> Required work: All of the records below must be reproduced exactly, minus any pictures.

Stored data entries
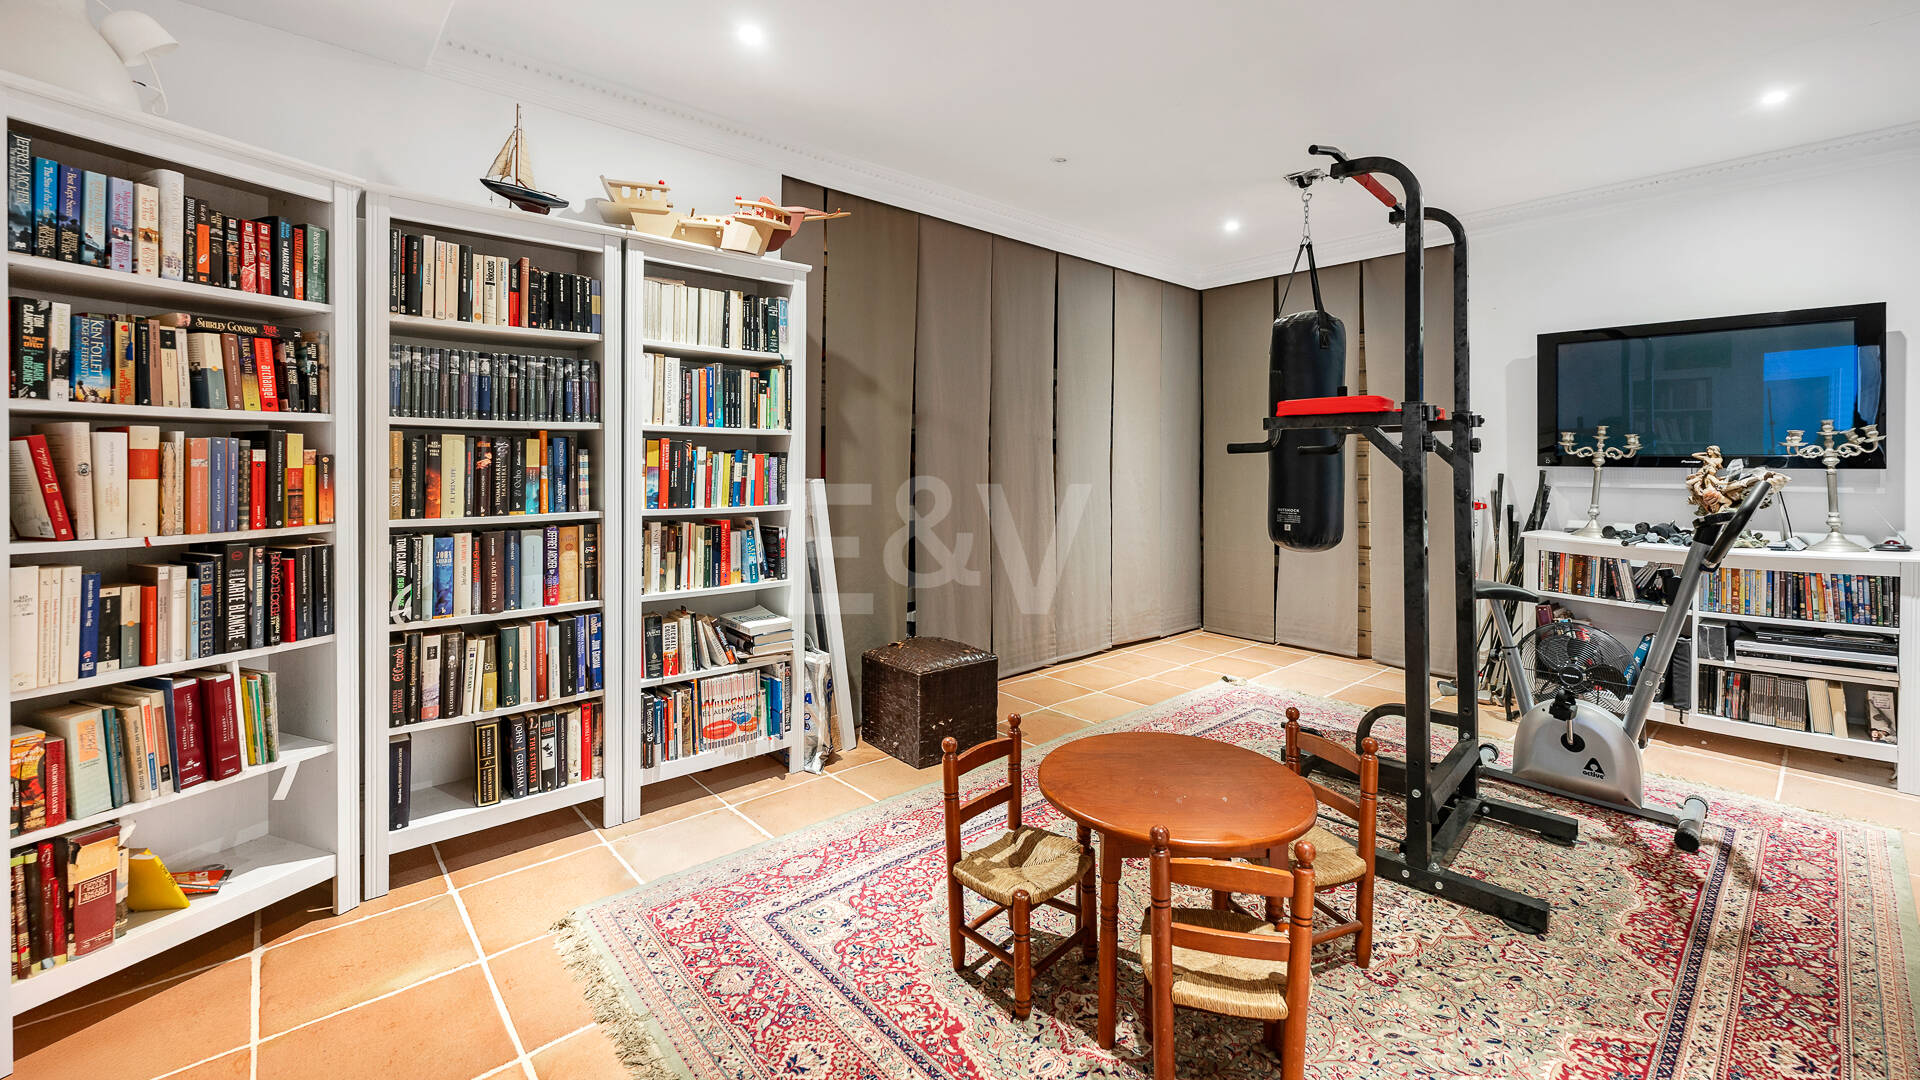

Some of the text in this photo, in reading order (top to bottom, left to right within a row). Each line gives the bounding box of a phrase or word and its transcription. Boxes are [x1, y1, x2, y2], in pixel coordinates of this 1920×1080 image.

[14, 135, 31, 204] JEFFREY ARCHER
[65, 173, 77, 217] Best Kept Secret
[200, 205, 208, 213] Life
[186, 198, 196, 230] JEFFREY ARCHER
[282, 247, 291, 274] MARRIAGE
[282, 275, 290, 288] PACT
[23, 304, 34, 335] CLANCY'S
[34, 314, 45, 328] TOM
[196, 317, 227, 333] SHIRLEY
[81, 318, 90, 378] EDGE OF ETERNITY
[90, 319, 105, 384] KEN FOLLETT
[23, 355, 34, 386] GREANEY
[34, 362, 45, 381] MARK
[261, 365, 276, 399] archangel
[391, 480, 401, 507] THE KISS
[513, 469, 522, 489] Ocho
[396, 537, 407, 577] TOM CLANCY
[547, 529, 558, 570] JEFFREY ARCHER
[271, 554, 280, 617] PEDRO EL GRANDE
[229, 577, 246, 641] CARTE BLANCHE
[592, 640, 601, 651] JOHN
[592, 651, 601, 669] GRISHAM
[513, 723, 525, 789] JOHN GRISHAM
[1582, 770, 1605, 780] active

> Task solution:
Some of the text in this photo, in reading order (top to bottom, left to right within a row). Each line gives the bounding box of a phrase or word and its transcription. Boxes are [x1, y1, x2, y2], in pixel coordinates of this 1920×1080 image.

[14, 135, 31, 204] JEFFREY ARCHER
[65, 173, 77, 217] Best Kept Secret
[200, 205, 208, 213] Life
[186, 198, 196, 230] JEFFREY ARCHER
[282, 247, 291, 274] MARRIAGE
[282, 275, 290, 288] PACT
[23, 304, 34, 335] CLANCY'S
[34, 314, 45, 328] TOM
[196, 317, 227, 333] SHIRLEY
[81, 318, 90, 378] EDGE OF ETERNITY
[90, 319, 105, 384] KEN FOLLETT
[23, 355, 34, 386] GREANEY
[34, 362, 45, 381] MARK
[261, 365, 276, 399] archangel
[391, 480, 401, 507] THE KISS
[513, 469, 522, 489] Ocho
[396, 537, 407, 577] TOM CLANCY
[547, 529, 558, 570] JEFFREY ARCHER
[271, 554, 280, 617] PEDRO EL GRANDE
[229, 577, 246, 641] CARTE BLANCHE
[592, 640, 601, 651] JOHN
[592, 651, 601, 669] GRISHAM
[513, 723, 525, 789] JOHN GRISHAM
[1582, 770, 1605, 780] active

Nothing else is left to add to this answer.